**Assignment:**
Copy the data below exactly, but not the pictures it contains.

= = = =

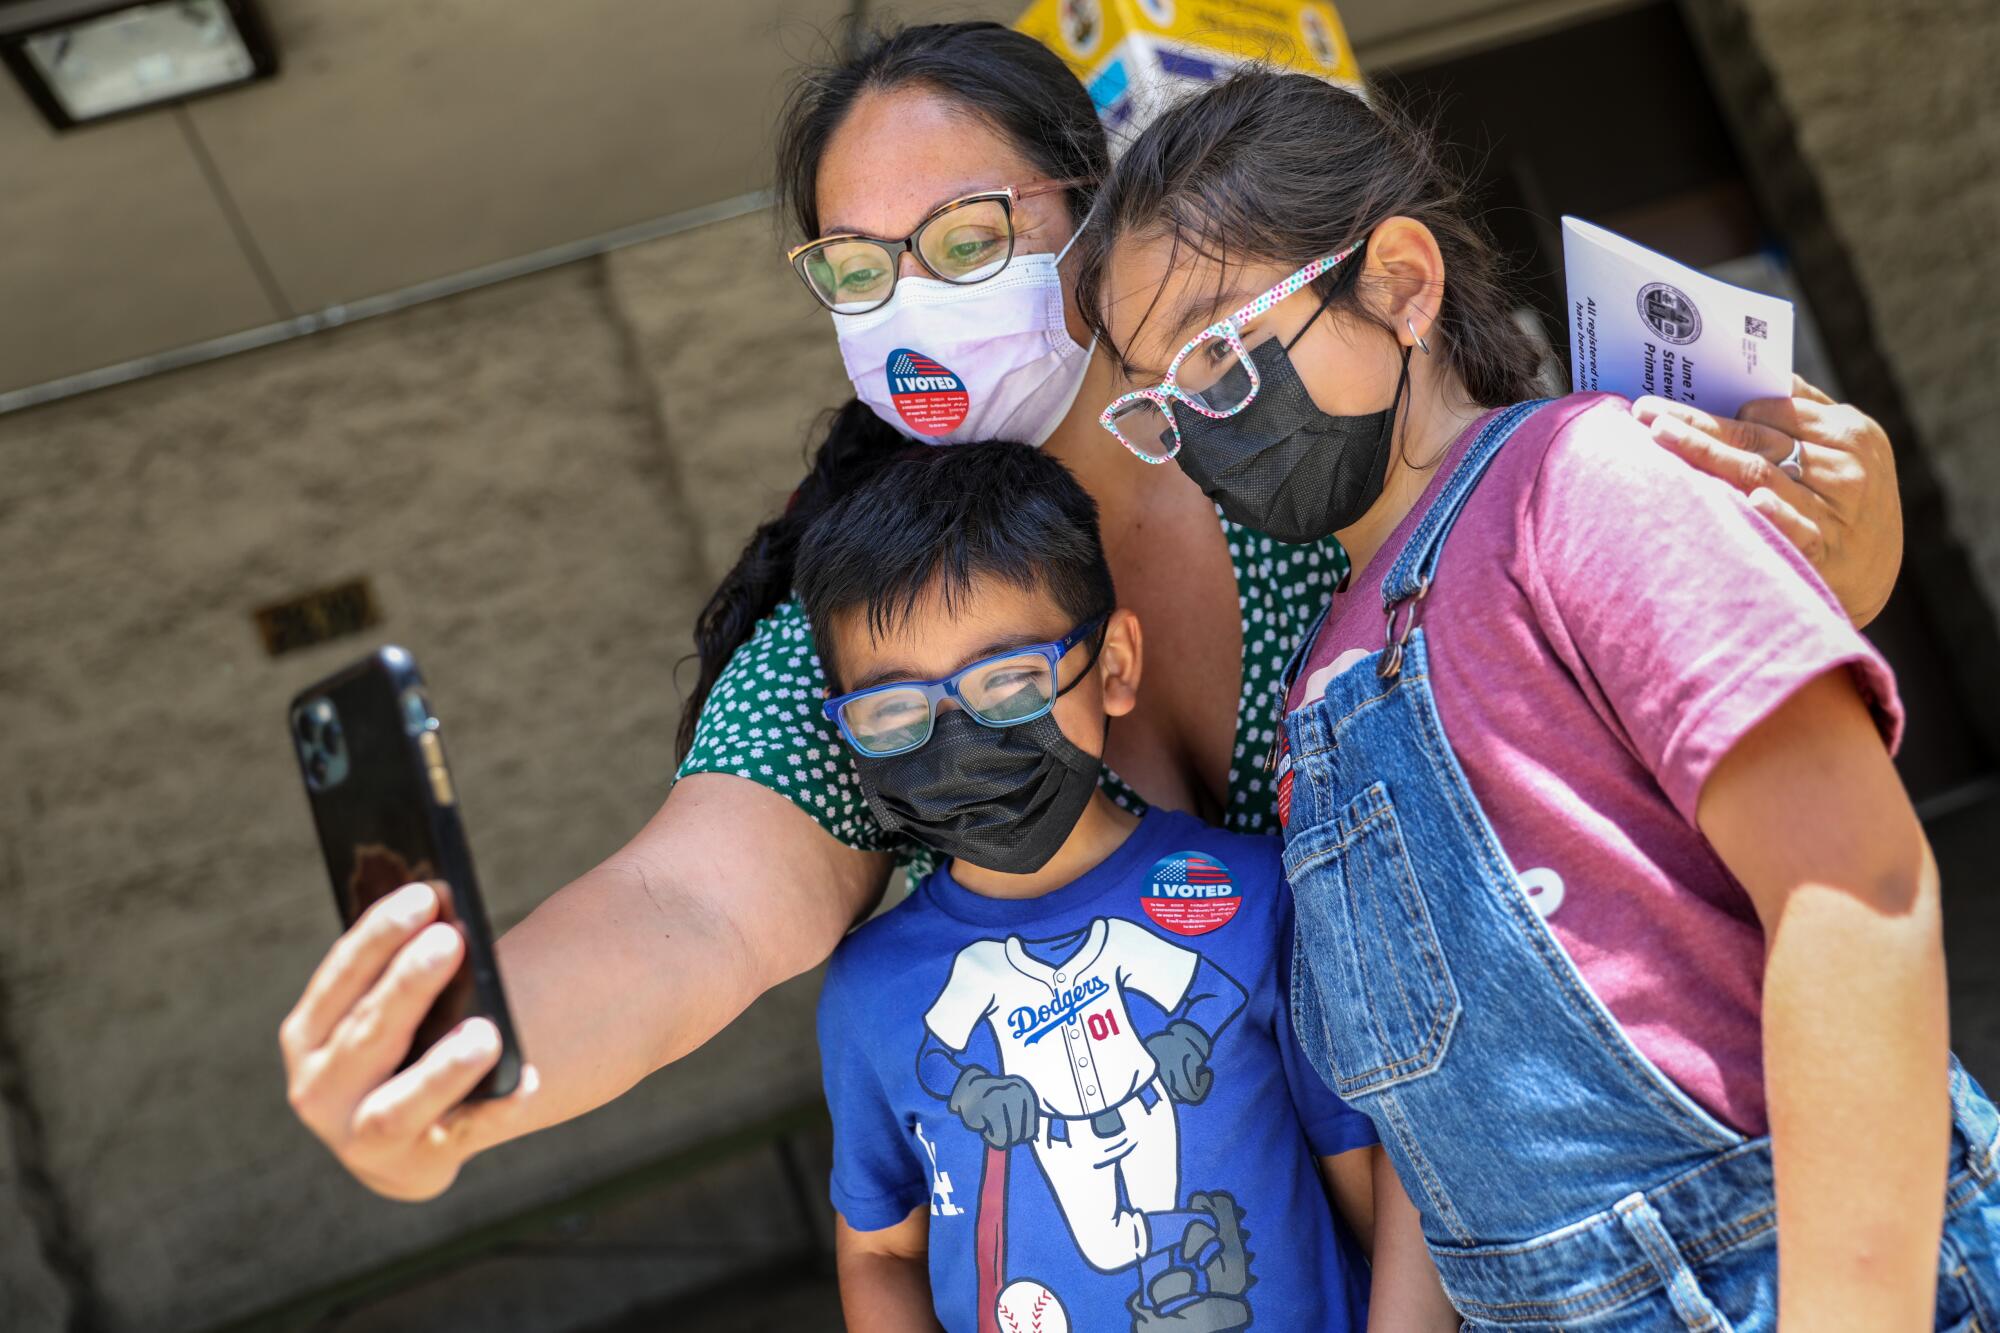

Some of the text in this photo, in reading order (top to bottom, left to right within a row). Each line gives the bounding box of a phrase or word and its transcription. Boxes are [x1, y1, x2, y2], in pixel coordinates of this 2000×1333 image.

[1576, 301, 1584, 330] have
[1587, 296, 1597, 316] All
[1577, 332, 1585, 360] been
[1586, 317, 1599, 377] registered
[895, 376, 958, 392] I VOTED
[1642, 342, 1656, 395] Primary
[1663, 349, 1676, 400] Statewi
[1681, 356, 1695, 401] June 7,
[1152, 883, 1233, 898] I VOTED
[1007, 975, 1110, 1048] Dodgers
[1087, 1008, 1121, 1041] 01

= = = =

**Reply to the exercise:**
Some of the text in this photo, in reading order (top to bottom, left to right within a row). Each line gives the bounding box of a phrase or word and its transcription. Boxes are [x1, y1, x2, y2], in pixel coordinates of this 2000×1333 image.

[1576, 301, 1584, 330] have
[1587, 296, 1597, 316] All
[1577, 332, 1585, 360] been
[1586, 317, 1599, 377] registered
[895, 376, 958, 392] I VOTED
[1642, 342, 1656, 395] Primary
[1663, 349, 1676, 400] Statewi
[1681, 356, 1695, 401] June 7,
[1152, 883, 1233, 898] I VOTED
[1007, 975, 1110, 1048] Dodgers
[1087, 1008, 1121, 1041] 01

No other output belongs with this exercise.